▸ Aim of the exercise: Print the whole listing, unchanged.

++++++++++++++++++++

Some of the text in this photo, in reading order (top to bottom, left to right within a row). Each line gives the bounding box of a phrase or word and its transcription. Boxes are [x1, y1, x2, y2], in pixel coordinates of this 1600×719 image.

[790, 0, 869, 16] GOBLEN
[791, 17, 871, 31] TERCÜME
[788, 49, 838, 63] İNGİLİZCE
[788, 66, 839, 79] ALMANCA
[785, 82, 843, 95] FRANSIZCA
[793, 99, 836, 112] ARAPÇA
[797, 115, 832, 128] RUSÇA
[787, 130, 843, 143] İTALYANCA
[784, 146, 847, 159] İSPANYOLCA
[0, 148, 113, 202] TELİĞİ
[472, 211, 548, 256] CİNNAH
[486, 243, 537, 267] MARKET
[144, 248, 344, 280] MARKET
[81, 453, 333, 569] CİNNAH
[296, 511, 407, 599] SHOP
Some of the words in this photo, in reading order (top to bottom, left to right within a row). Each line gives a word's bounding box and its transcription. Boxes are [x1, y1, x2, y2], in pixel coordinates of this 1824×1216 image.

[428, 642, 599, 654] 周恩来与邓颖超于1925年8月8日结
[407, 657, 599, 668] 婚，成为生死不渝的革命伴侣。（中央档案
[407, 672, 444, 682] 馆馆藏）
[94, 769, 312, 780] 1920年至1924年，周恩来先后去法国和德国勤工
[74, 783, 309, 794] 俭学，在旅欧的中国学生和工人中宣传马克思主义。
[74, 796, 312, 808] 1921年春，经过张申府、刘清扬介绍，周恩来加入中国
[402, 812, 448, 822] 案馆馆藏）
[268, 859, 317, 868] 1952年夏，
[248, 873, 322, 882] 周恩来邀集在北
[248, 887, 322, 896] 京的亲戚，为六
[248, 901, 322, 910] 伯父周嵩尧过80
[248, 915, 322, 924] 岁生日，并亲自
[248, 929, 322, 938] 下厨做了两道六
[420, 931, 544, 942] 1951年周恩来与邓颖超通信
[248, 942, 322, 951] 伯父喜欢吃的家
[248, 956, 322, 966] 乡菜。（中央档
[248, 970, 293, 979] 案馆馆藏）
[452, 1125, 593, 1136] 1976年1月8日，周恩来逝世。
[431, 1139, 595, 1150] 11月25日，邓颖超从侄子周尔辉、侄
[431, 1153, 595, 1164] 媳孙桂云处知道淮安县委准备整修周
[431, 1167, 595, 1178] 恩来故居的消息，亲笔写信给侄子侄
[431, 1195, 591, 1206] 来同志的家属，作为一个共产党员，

++++++++++++++++++++

▸ Answer box:
Some of the text in this photo, in reading order (top to bottom, left to right within a row). Each line gives the bounding box of a phrase or word and its transcription. Boxes are [x1, y1, x2, y2], in pixel coordinates of this 1600×719 image.

[790, 0, 869, 16] GOBLEN
[791, 17, 871, 31] TERCÜME
[788, 49, 838, 63] İNGİLİZCE
[788, 66, 839, 79] ALMANCA
[785, 82, 843, 95] FRANSIZCA
[793, 99, 836, 112] ARAPÇA
[797, 115, 832, 128] RUSÇA
[787, 130, 843, 143] İTALYANCA
[784, 146, 847, 159] İSPANYOLCA
[0, 148, 113, 202] TELİĞİ
[472, 211, 548, 256] CİNNAH
[486, 243, 537, 267] MARKET
[144, 248, 344, 280] MARKET
[81, 453, 333, 569] CİNNAH
[296, 511, 407, 599] SHOP
Some of the words in this photo, in reading order (top to bottom, left to right within a row). Each line gives a word's bounding box and its transcription. Boxes are [x1, y1, x2, y2], in pixel coordinates of this 1824×1216 image.

[428, 642, 599, 654] 周恩来与邓颖超于1925年8月8日结
[407, 657, 599, 668] 婚，成为生死不渝的革命伴侣。（中央档案
[407, 672, 444, 682] 馆馆藏）
[94, 769, 312, 780] 1920年至1924年，周恩来先后去法国和德国勤工
[74, 783, 309, 794] 俭学，在旅欧的中国学生和工人中宣传马克思主义。
[74, 796, 312, 808] 1921年春，经过张申府、刘清扬介绍，周恩来加入中国
[402, 812, 448, 822] 案馆馆藏）
[268, 859, 317, 868] 1952年夏，
[248, 873, 322, 882] 周恩来邀集在北
[248, 887, 322, 896] 京的亲戚，为六
[248, 901, 322, 910] 伯父周嵩尧过80
[248, 915, 322, 924] 岁生日，并亲自
[248, 929, 322, 938] 下厨做了两道六
[420, 931, 544, 942] 1951年周恩来与邓颖超通信
[248, 942, 322, 951] 伯父喜欢吃的家
[248, 956, 322, 966] 乡菜。（中央档
[248, 970, 293, 979] 案馆馆藏）
[452, 1125, 593, 1136] 1976年1月8日，周恩来逝世。
[431, 1139, 595, 1150] 11月25日，邓颖超从侄子周尔辉、侄
[431, 1153, 595, 1164] 媳孙桂云处知道淮安县委准备整修周
[431, 1167, 595, 1178] 恩来故居的消息，亲笔写信给侄子侄
[431, 1195, 591, 1206] 来同志的家属，作为一个共产党员，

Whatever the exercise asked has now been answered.